康龍は宗重に笑顔を向けてそう言っていた。

すると今度は苦笑した様子で康龍が呟き始める。

康龍
「しかし、この身なりをするのは拙者は初めて故に妙な感じじゃのぅ。」

宗重
「我らが侍と分かってしまわれては、共に身が危ういですからな。」

祐宗は、康龍らに旅の商人を装って墨山城下に潜入するように命じていた。
墨山の者たちに康龍らが武将である事が発覚すれば、詳しい内情を得られなくなるからである。
更に志太家の者と言う事がひとたび露呈してしまえば、康龍ら自身の命が危険にさらされる可能性も十分に有り得る。

それ故に、身分を隠して潜入する必要があったのだ。

それから一刻ほどの時が過ぎ、一行の目の前には険しい山道が飛び込んできた。
どうやらこの山を越えた先に墨山城があるという。

康龍
「この山を越えねばならぬようじゃな。
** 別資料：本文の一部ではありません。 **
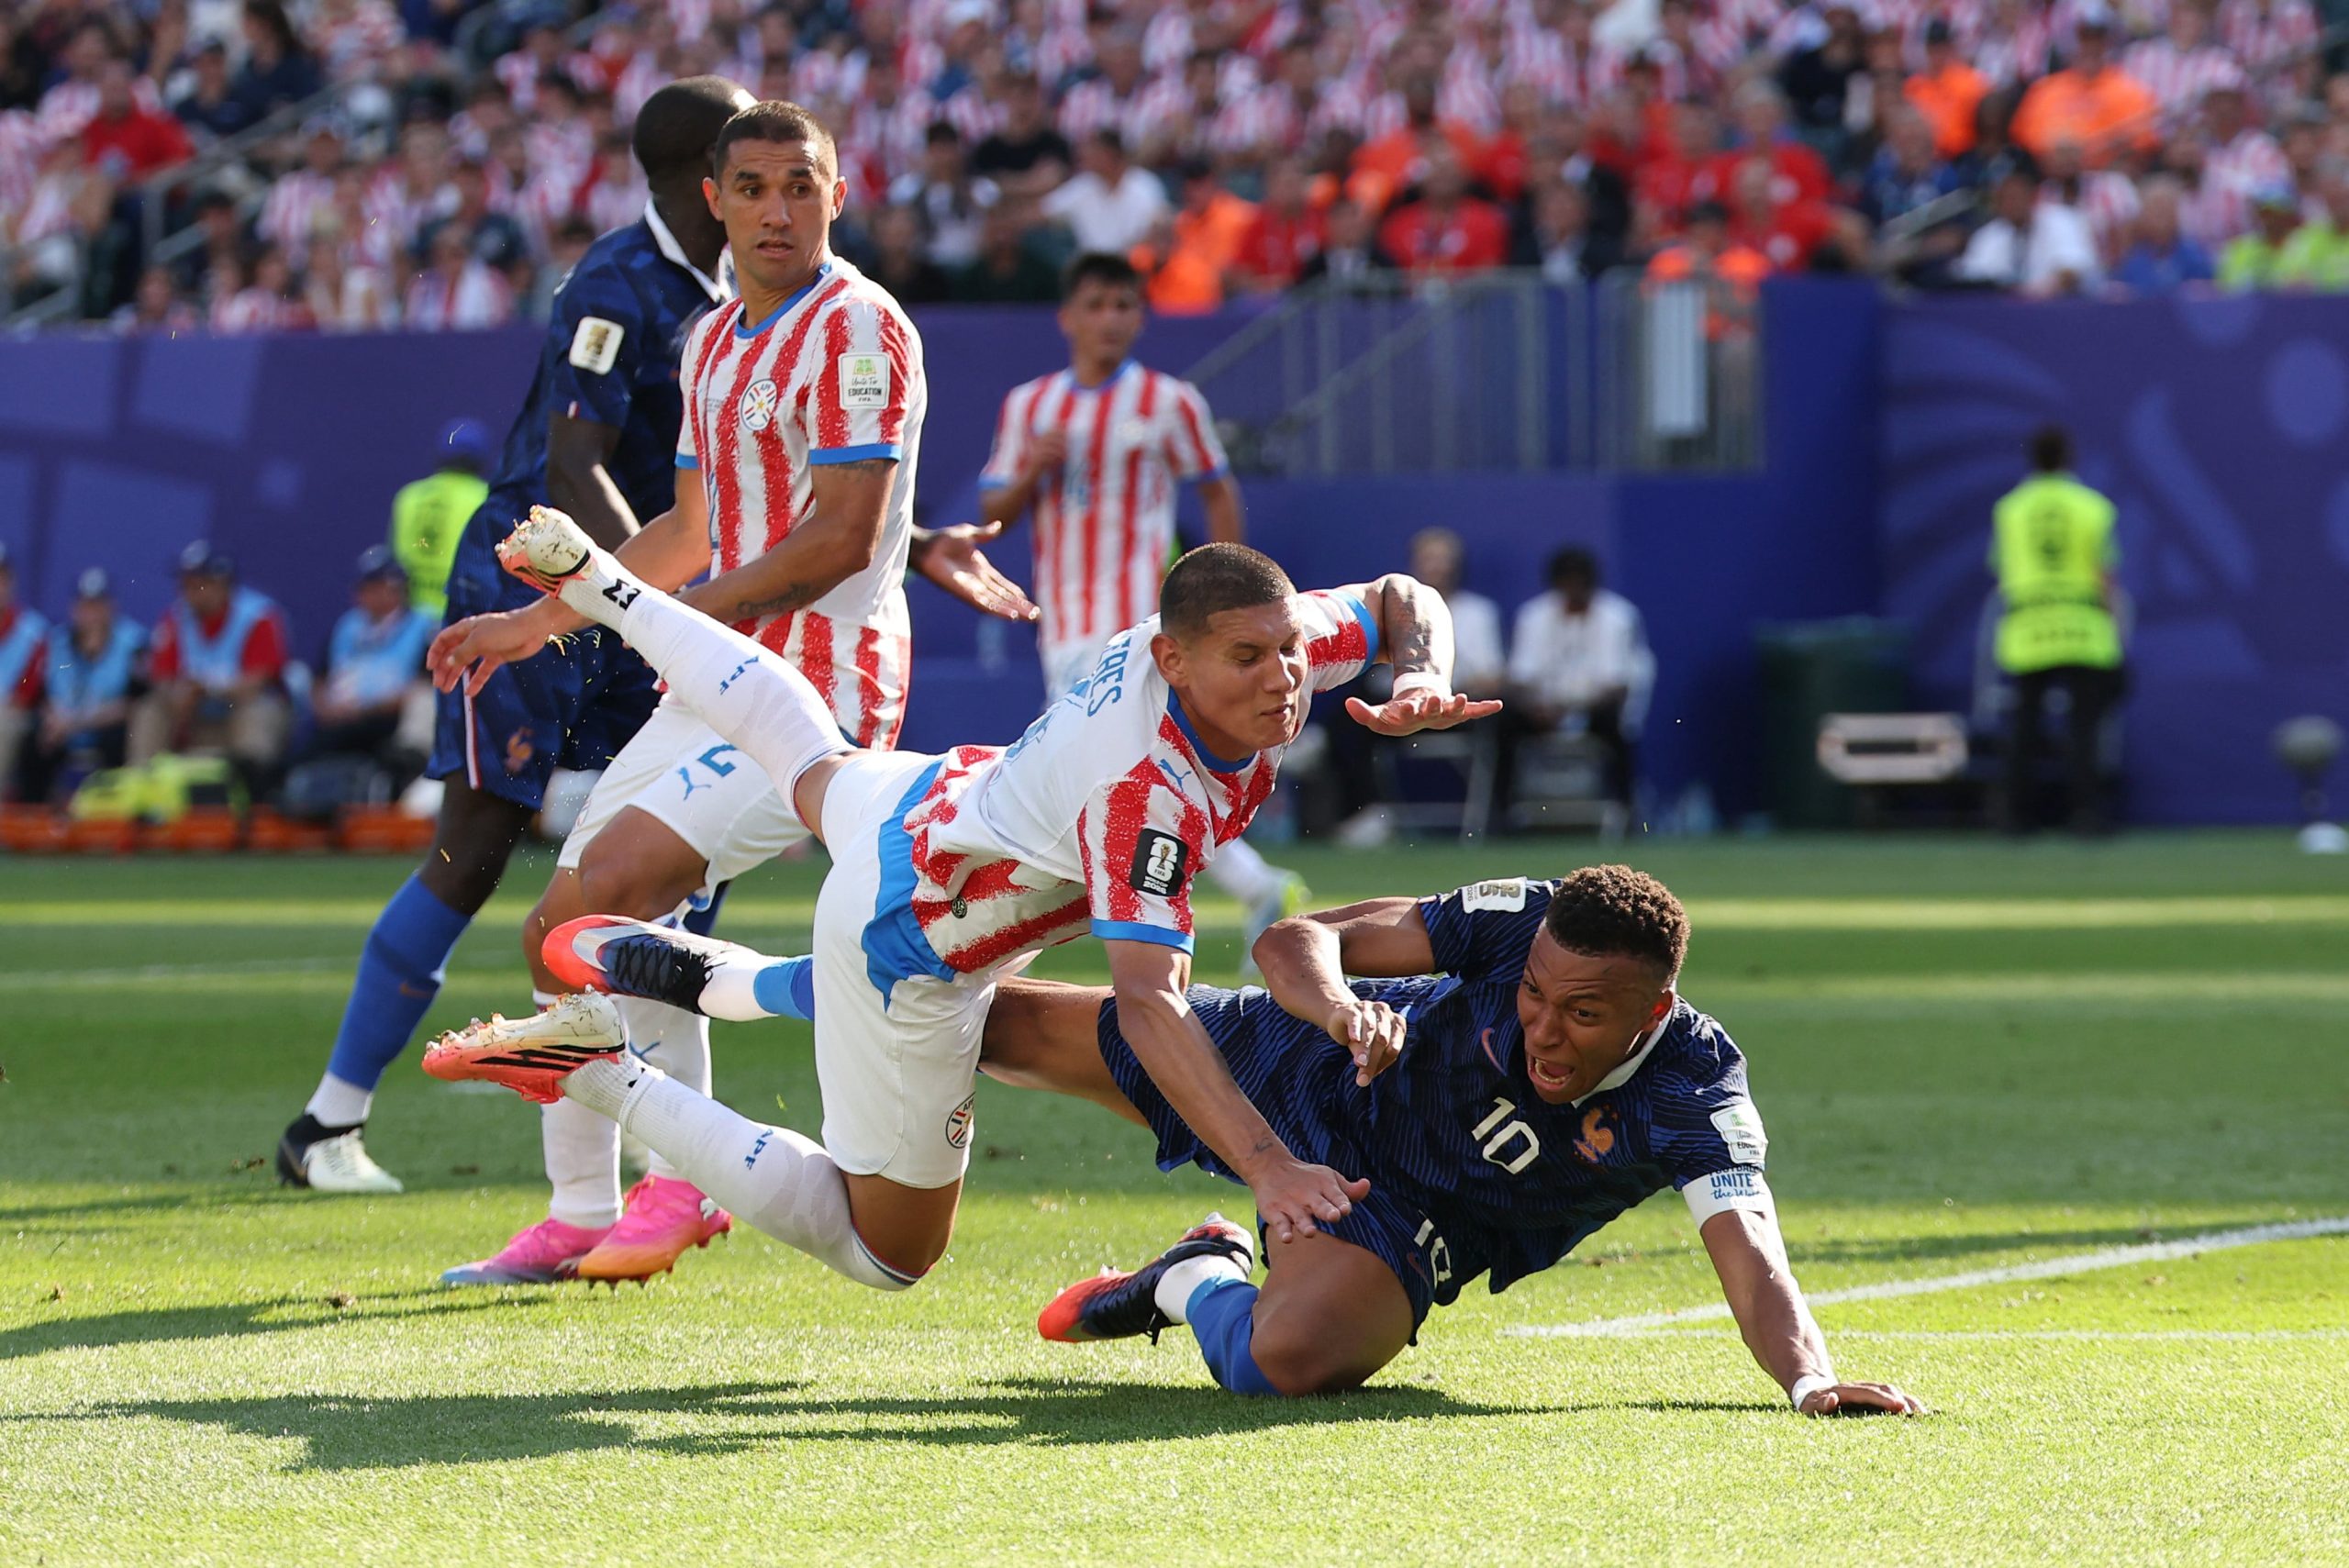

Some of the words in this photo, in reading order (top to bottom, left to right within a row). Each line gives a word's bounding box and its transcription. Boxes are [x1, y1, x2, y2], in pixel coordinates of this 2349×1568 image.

[848, 387, 882, 396] EDUCATION
[1153, 868, 1166, 877] FIFA
[1142, 881, 1167, 895] 2026
[1471, 1096, 1540, 1175] 10
[744, 1129, 774, 1170] APF
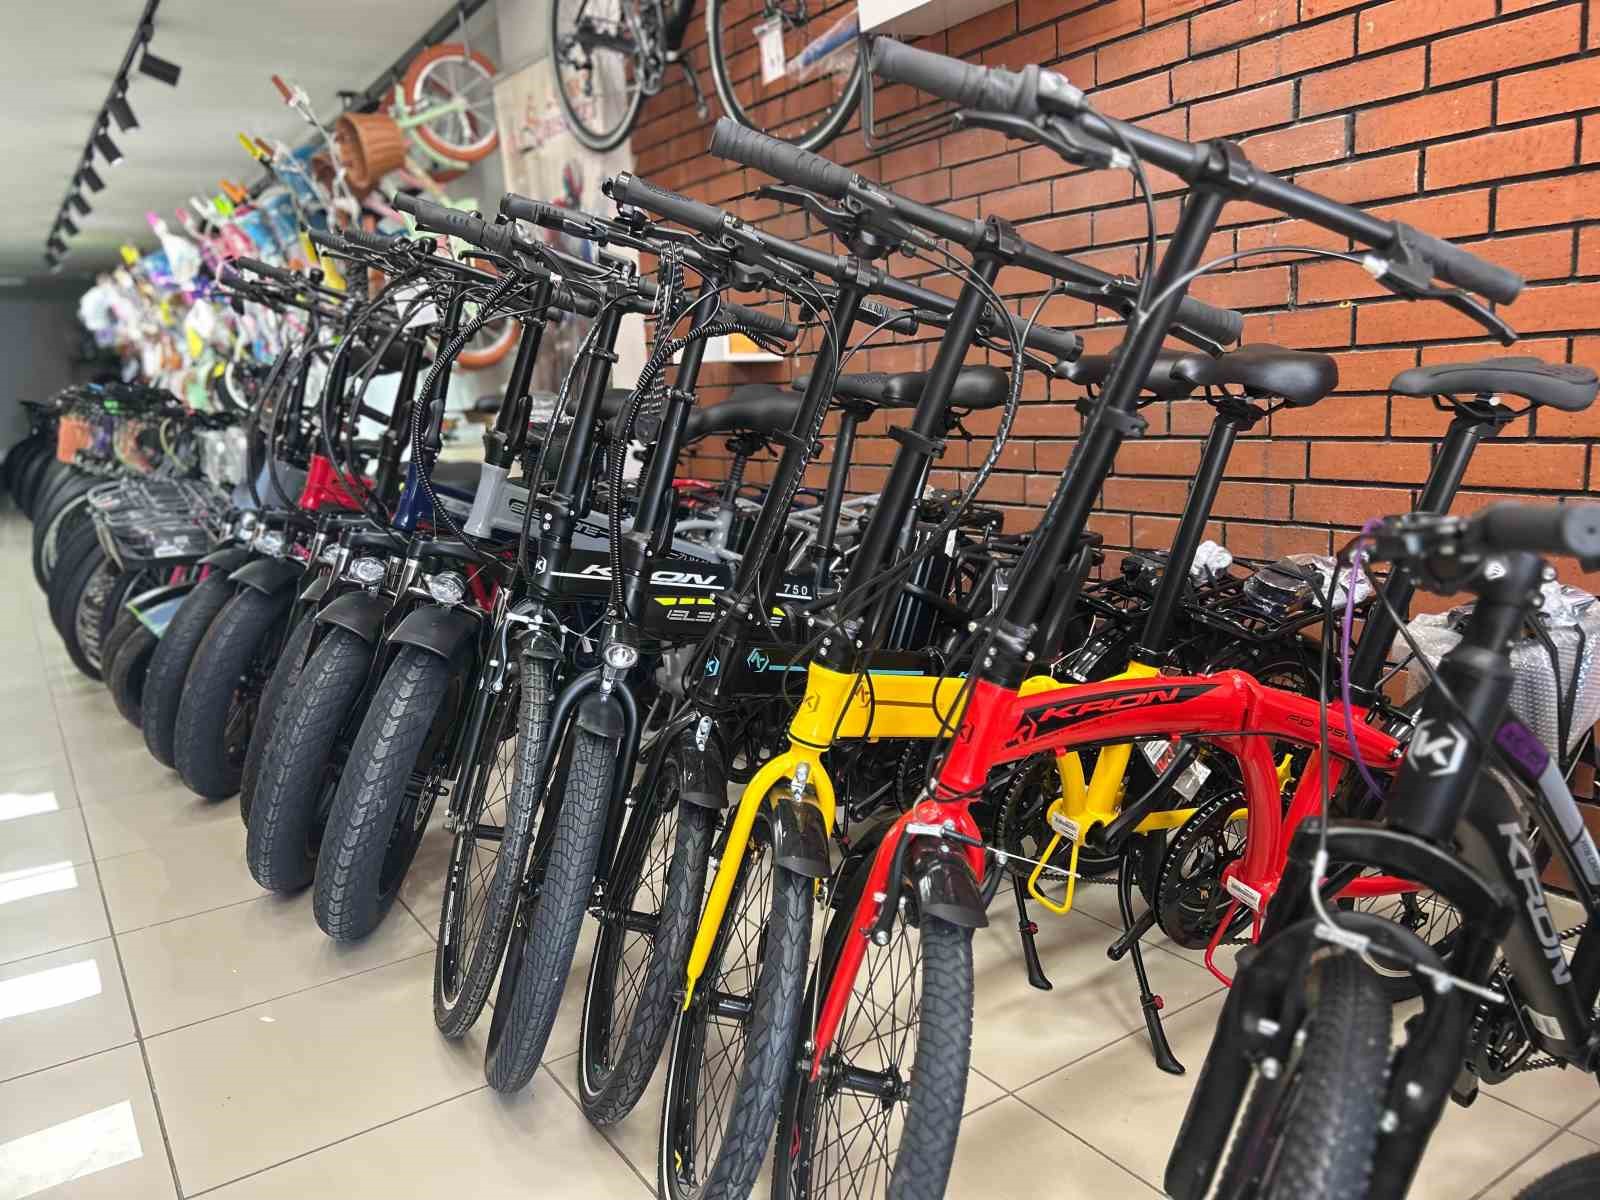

どうやら墨山までの道は、拙者たちが思う以上に険しいようにござるな…」

宗重
「全く、その通りにございますな…」

二人は高くそびえる山に圧倒されている様子であった。

そうしているとやがて一人の男が現れ、康龍らに近付いて声をかける。


「おや、旅の者ですかな。どうなされましたかな?」

男は康龍らが山道の前で立ち止まって悩ましい表情を見せていた為、気になって声をかけたようである。

康龍
「いかにも、私たちは旅の商人にございます。こたびは墨山の地を訪れる為にここまで来ましたが、余りの険しき山道に圧倒されまして…」

康龍は男に自身らを商人である事を伝え、これから墨山に訪問する旨の内容を話していた。
すると男は真剣な顔をして言う。


「ほう、初めて墨山を訪れる旅の者にござったか。それでは、ここからは私が案内いたそう。この墨山に辿り着くまでに道に迷う旅の者も多くおられるものでな。」

この男は墨山城下の領民で、一介(いちすけ)と名乗った。

康龍
「かたじけない。では、一介殿のご厚意に甘えさせていただきます。」

康龍は一介に対して頭を深々と下げていた。